• Phrase grounding data
==============================

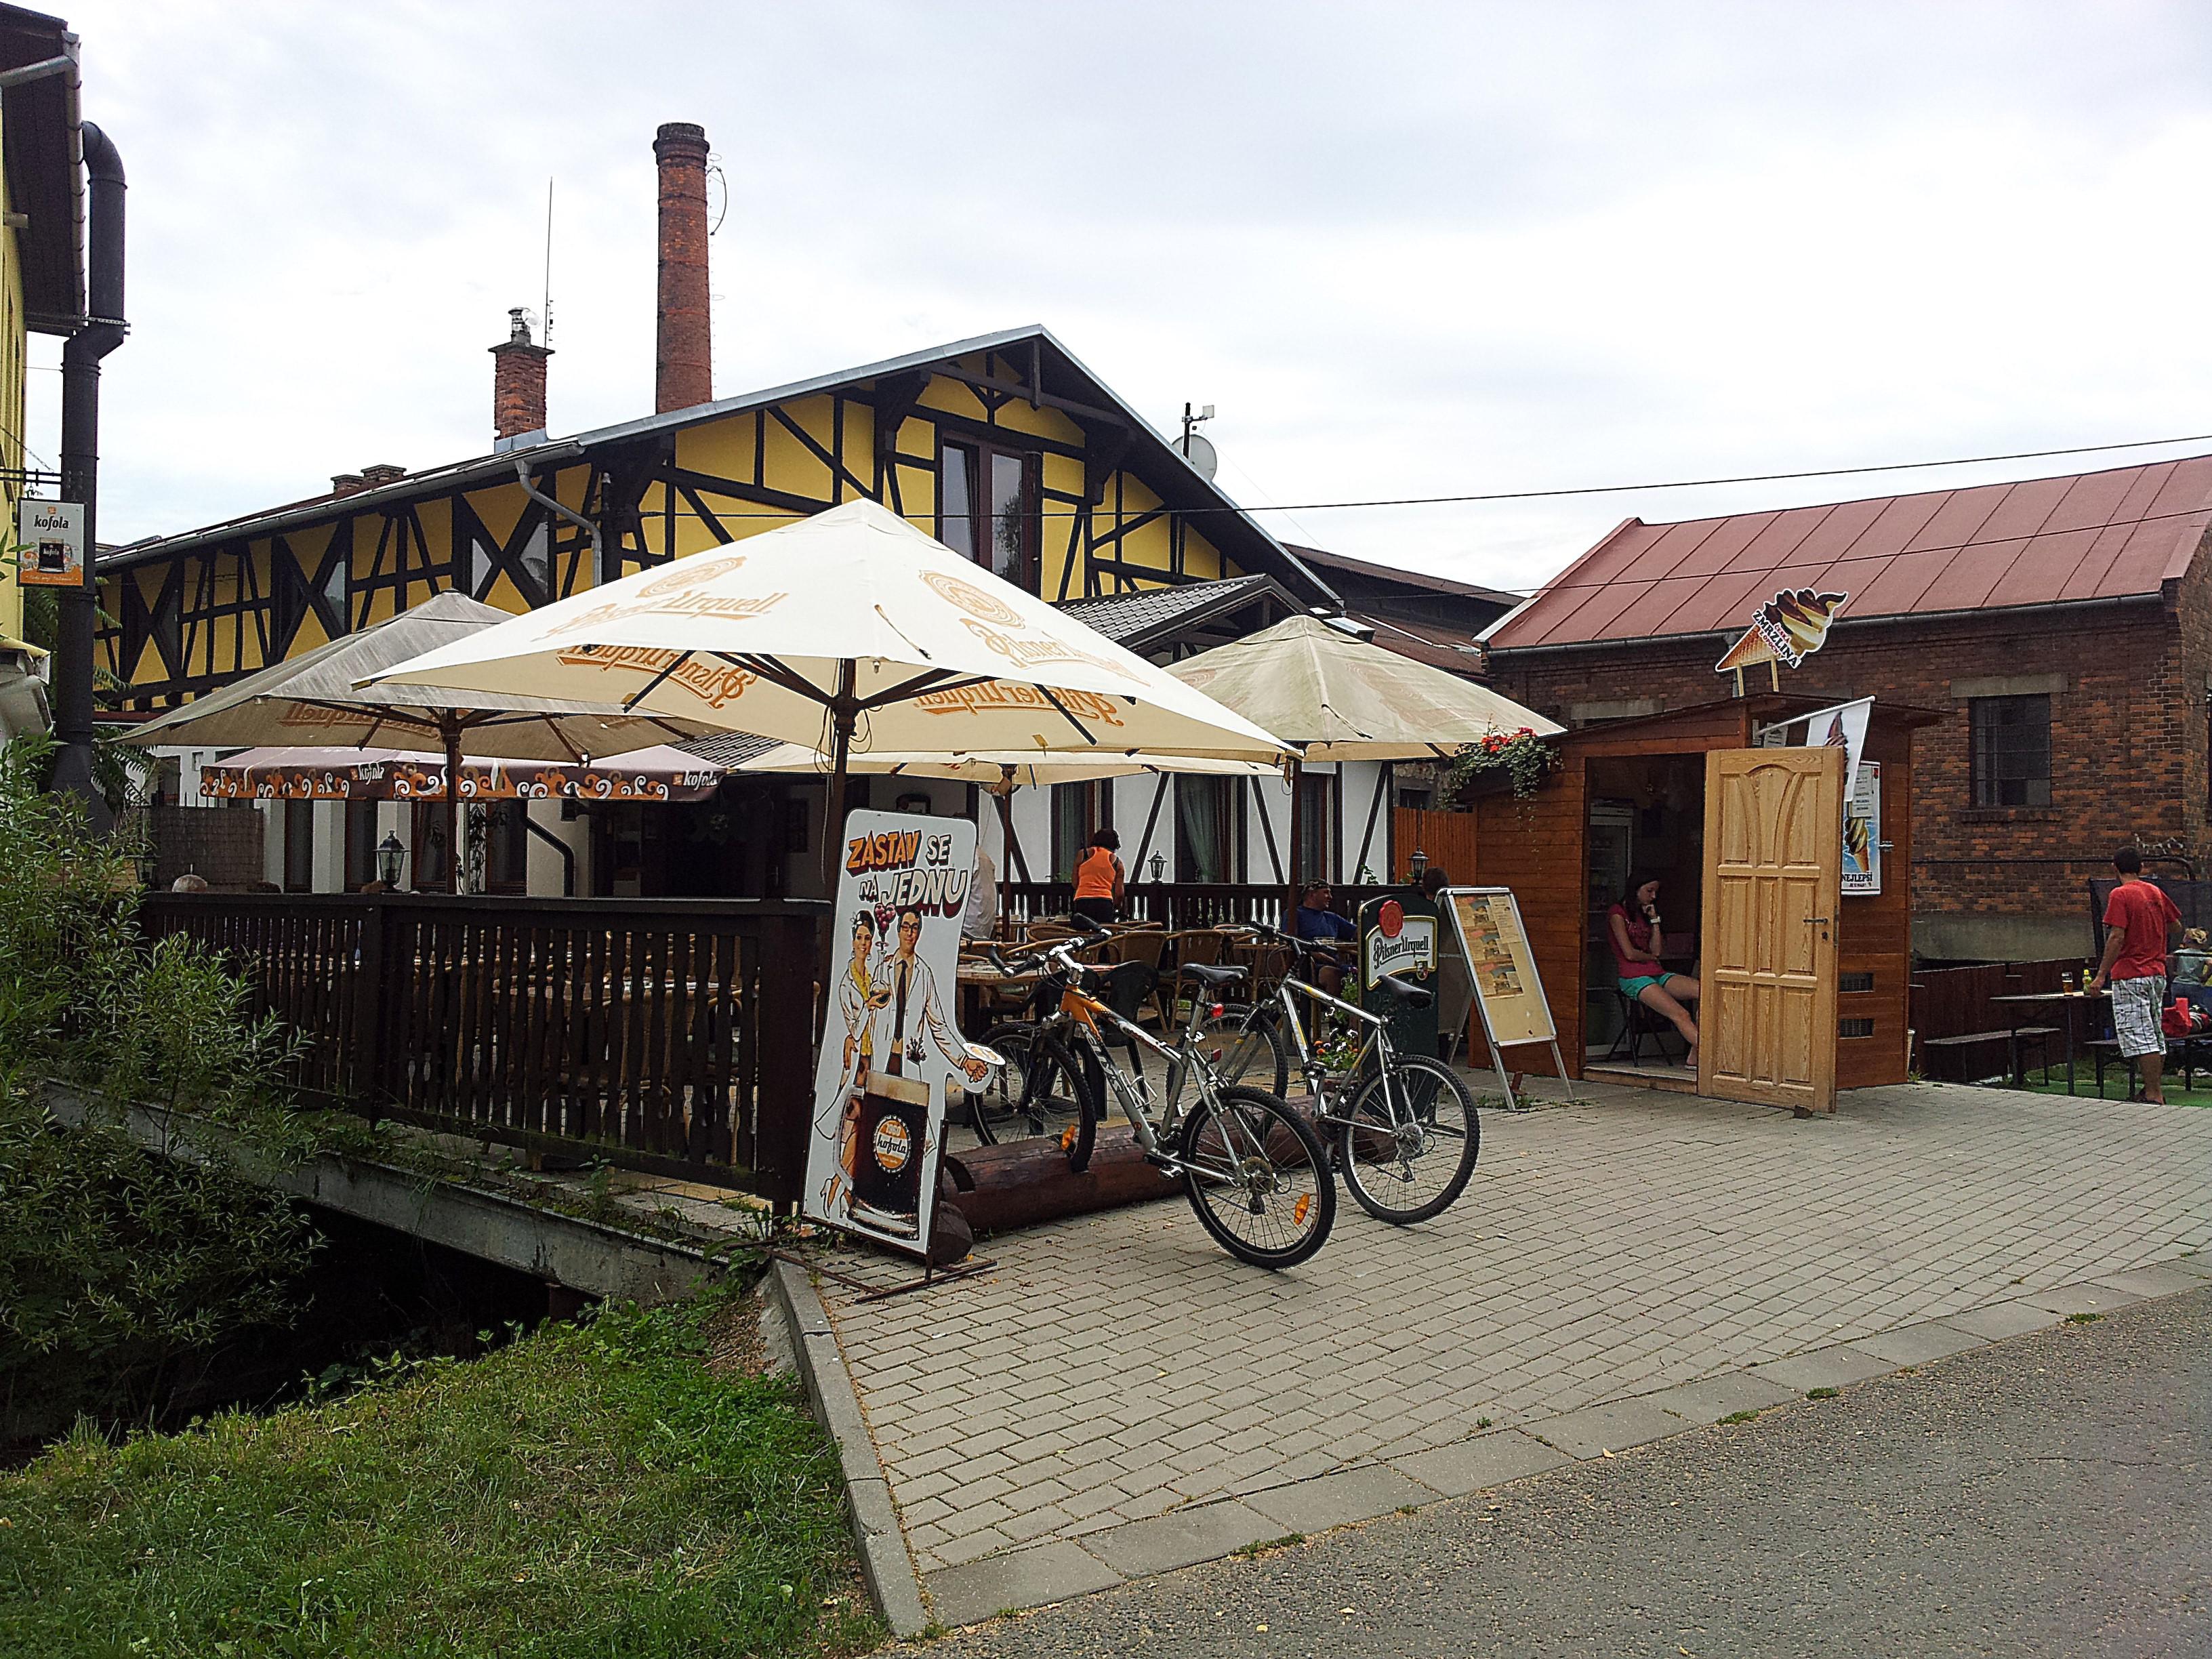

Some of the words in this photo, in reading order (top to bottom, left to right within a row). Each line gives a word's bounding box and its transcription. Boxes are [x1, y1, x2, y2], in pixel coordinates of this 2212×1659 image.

[34, 514, 69, 531] kofola
[660, 590, 789, 619] Urquell
[1752, 610, 1799, 668] ZMRZLINA
[682, 770, 718, 791] kofola
[846, 828, 922, 877] ZASTAV
[926, 834, 952, 867] SE
[858, 874, 880, 902] NA
[881, 867, 968, 918] JEDNU
[1373, 937, 1402, 970] Pilsner
[1400, 935, 1429, 958] Urquell
[876, 1134, 906, 1153] kofola
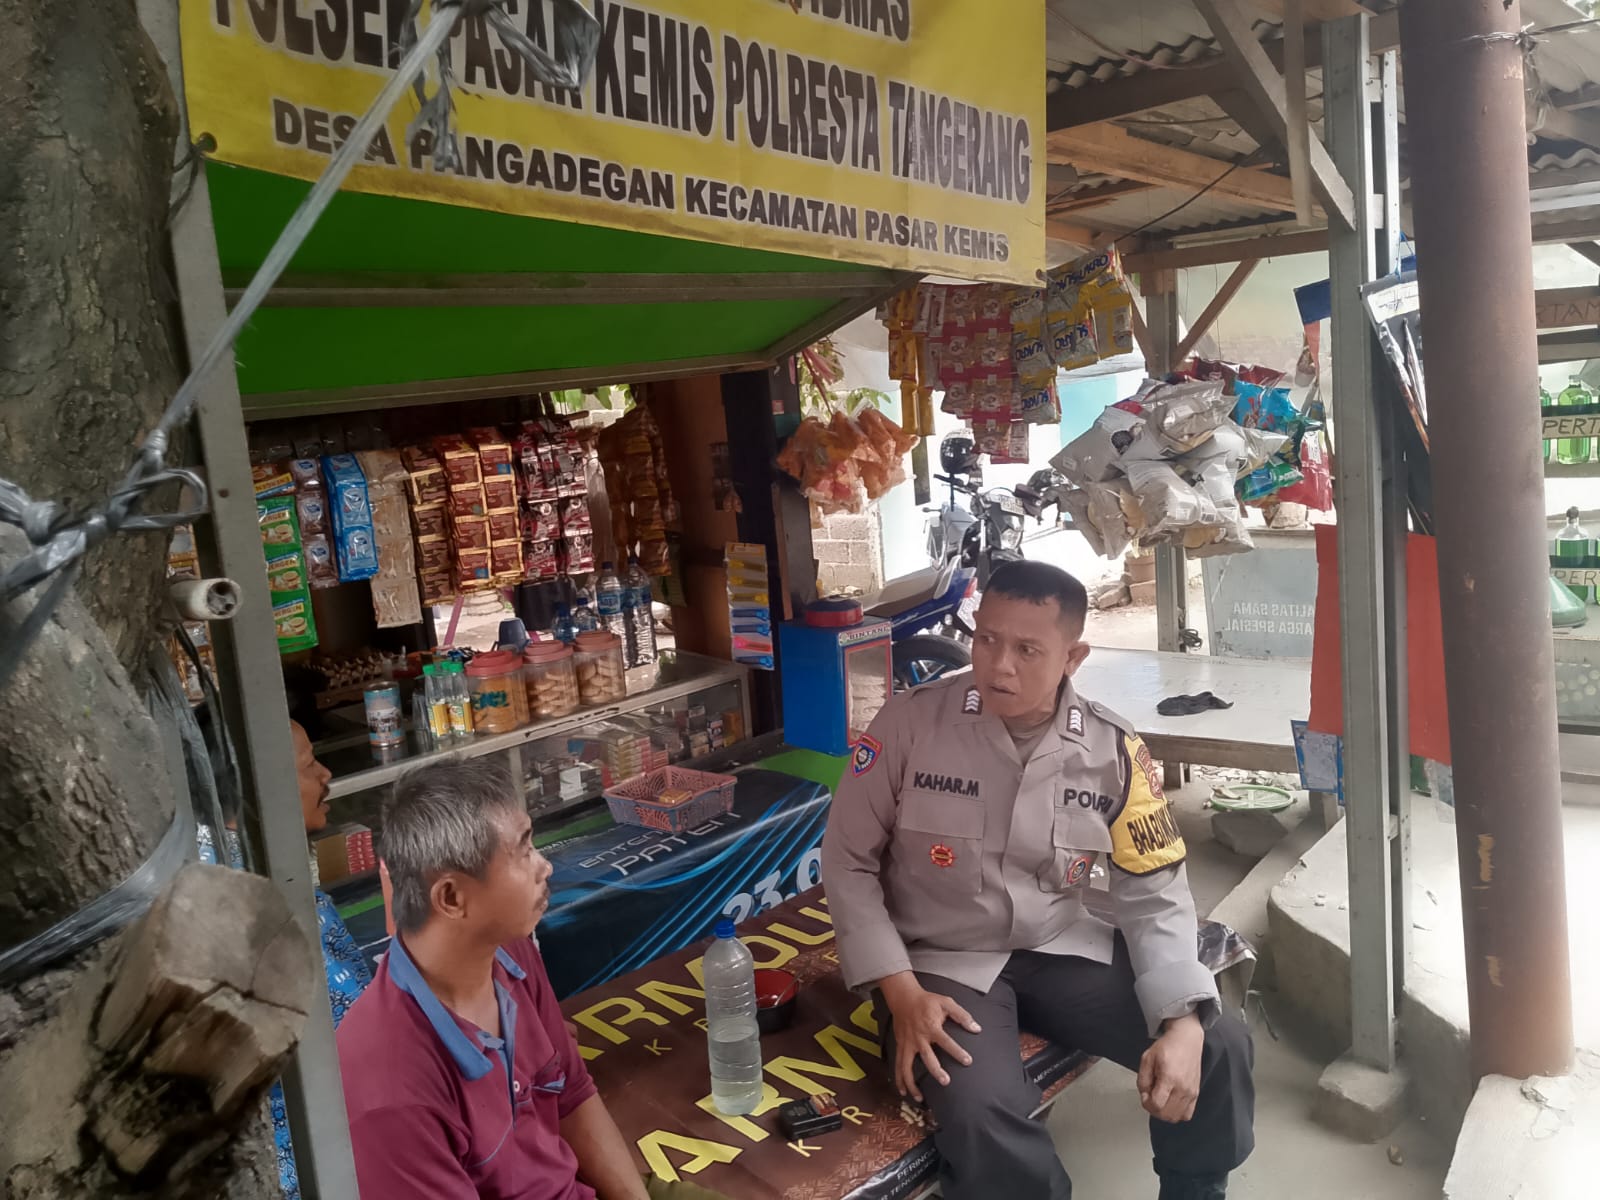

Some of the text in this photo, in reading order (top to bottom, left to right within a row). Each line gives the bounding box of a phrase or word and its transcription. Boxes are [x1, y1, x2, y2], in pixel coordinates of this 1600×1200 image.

==============================

• What you need to do
Type out the data above again exactly as written, minus the images.

• Worked solution
Some of the words in this photo, in reading order (top to bottom, left to right within a row). Each line gives a word's bounding box and its transcription. Boxes are [x1, y1, x2, y2], in pixel coordinates of this 2212×1659 image.

[34, 514, 69, 531] kofola
[660, 590, 789, 619] Urquell
[1752, 610, 1799, 668] ZMRZLINA
[682, 770, 718, 791] kofola
[846, 828, 922, 877] ZASTAV
[926, 834, 952, 867] SE
[858, 874, 880, 902] NA
[881, 867, 968, 918] JEDNU
[1373, 937, 1402, 970] Pilsner
[1400, 935, 1429, 958] Urquell
[876, 1134, 906, 1153] kofola

Some of the text in this photo, in reading order (top to bottom, left to right within a row). Each line gives the bounding box of a phrase or word and its transcription. Boxes are [x1, y1, x2, y2], in pixel coordinates of this 1600×1200 image.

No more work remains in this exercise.